Approximately 600 applicants are invited to New Orleans and Tulane School of Medicine each year for interviews. Interviews are held from September through the end of February. Invited applicants are emailed an invitation to schedule the interview. Do not wait to schedule; the calendar is open on first come first serve. If it is necessary to reschedule an interview one may request a subsequent date, but there is no guarantee that we can accommodate due to our heavy volume. Additionally, in recognition of the cost of interviewing, Tulane School of Medicine will attempt to accommodate those applicants trying to coordinate interviews with several schools.
Interview days are Mondays through Fridays and last from 8:00 am until approximately 2:30 PM. If available, overnight housing with a medical student can be arranged.
Applicants will be interviewed by one faculty member or administrator. All interviews with faculty members or administrators are blind and informal. The interviewer will be able to view the applicant's personal statement and secondary application if they choose to do so.
The interviewee will also participate in a "standardized patient" exercise in which they will play the role of a first year medical student interviewing a patient. Applicants will also be interviewed by a current Tulane medical student. The student interview will be in the form of a "working lunch." All interviewers will write a report about the interview and that report will become a part of the applicant's file. With the addition of the interview reports, an applicant's file is considered complete and ready for review by the Admissions Committee.
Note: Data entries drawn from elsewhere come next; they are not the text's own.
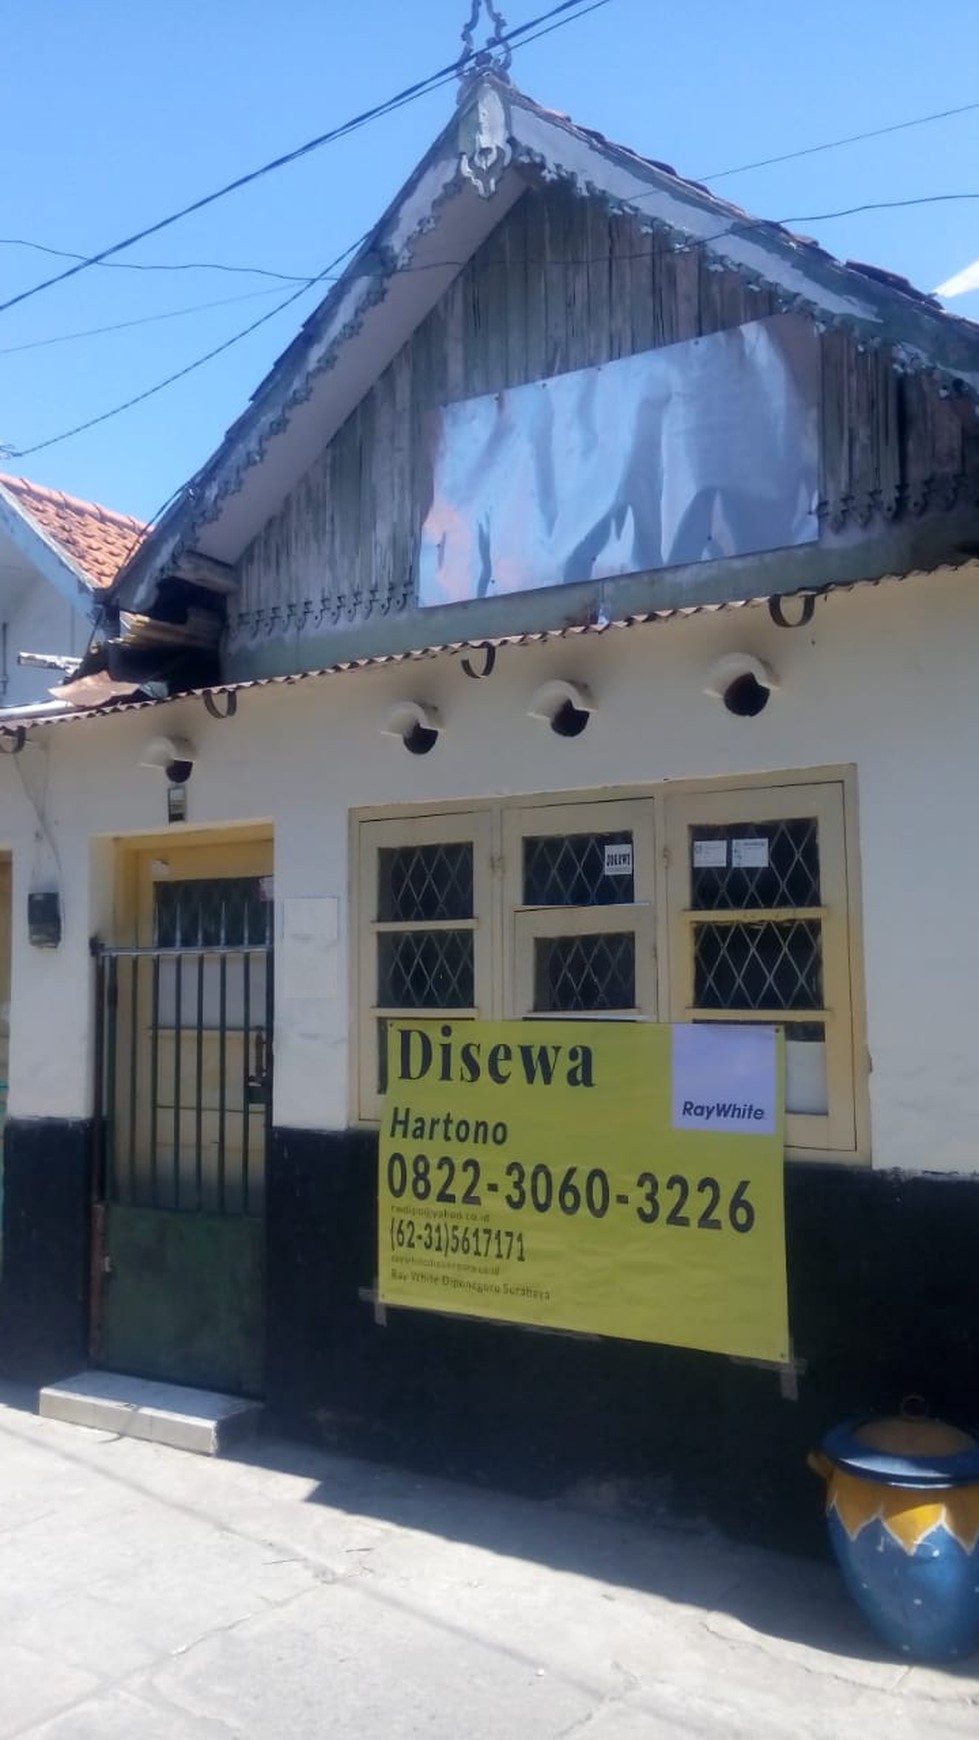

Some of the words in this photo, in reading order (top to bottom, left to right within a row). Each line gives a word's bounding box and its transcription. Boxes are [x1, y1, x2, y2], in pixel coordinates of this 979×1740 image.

[398, 1025, 595, 1087] Disewa
[390, 1106, 508, 1146] Hartono
[682, 1101, 764, 1120] RayWhite
[387, 1152, 755, 1234] 0822-3060-3226
[390, 1217, 525, 1262] (62-31)5617171
[411, 1272, 439, 1286] White
Typically within 2-4 weeks after the interview, the application goes before the full Admission Committee for evaluation. The Committee may decide to accept an applicant, place the applicant on a "acceptance range" wait list or reject an applicant. No mathematical formula are used in making this decision and no specific guidelines are given to committee members to place particular weight upon MCAT's, GPA, or other parts of the completed application.
Acceptances are offered weekly, beginning October 1 and continuing until the class is filled. Each week, the Committee may elect to send offers of acceptance to applicants from the "acceptance range" list or to send offers of admissions only to applicants whose files have been reviewed that week.
Those applicants who receive letters of acceptance are given two weeks to either accept or decline the offer of admission to Tulane School of Medicine. Those who accept their place must electronically submit a deposit of $100. The instructions for submitting the payment can be found in the acceptance letter. The deposit must be received no later than April 30th of the year of the student's expected matriculation. Upon enrollment, this deposit is credited toward the student's tuition and is not refundable after April 30th. Therefore, applicants are advised to submit their deposit only after they have made a final decision about attending Tulane School of Medicine.
A letter of withdrawal is required if a student wishes to relinquish a reserved place in the class. An e-mail will suffice (firstname.lastname@example.org) or the student may withdraw the application inside the Tulane Secondary Portal.
Accepted students are asked to be considerate to others in the applicant pool awaiting an acceptance. Tulane School of Medicine strongly encourages students to not hold more than one seat at a time, but recognizes that a final decision often can not be made until all information is available. In cases where an applicant is awaiting additional information before deciding upon which medical school to attend, we encourage the applicant to narrow the choice to two or three schools at most and to relinquish any additional places being held. The applicant should make decisions as information is received from the medical schools.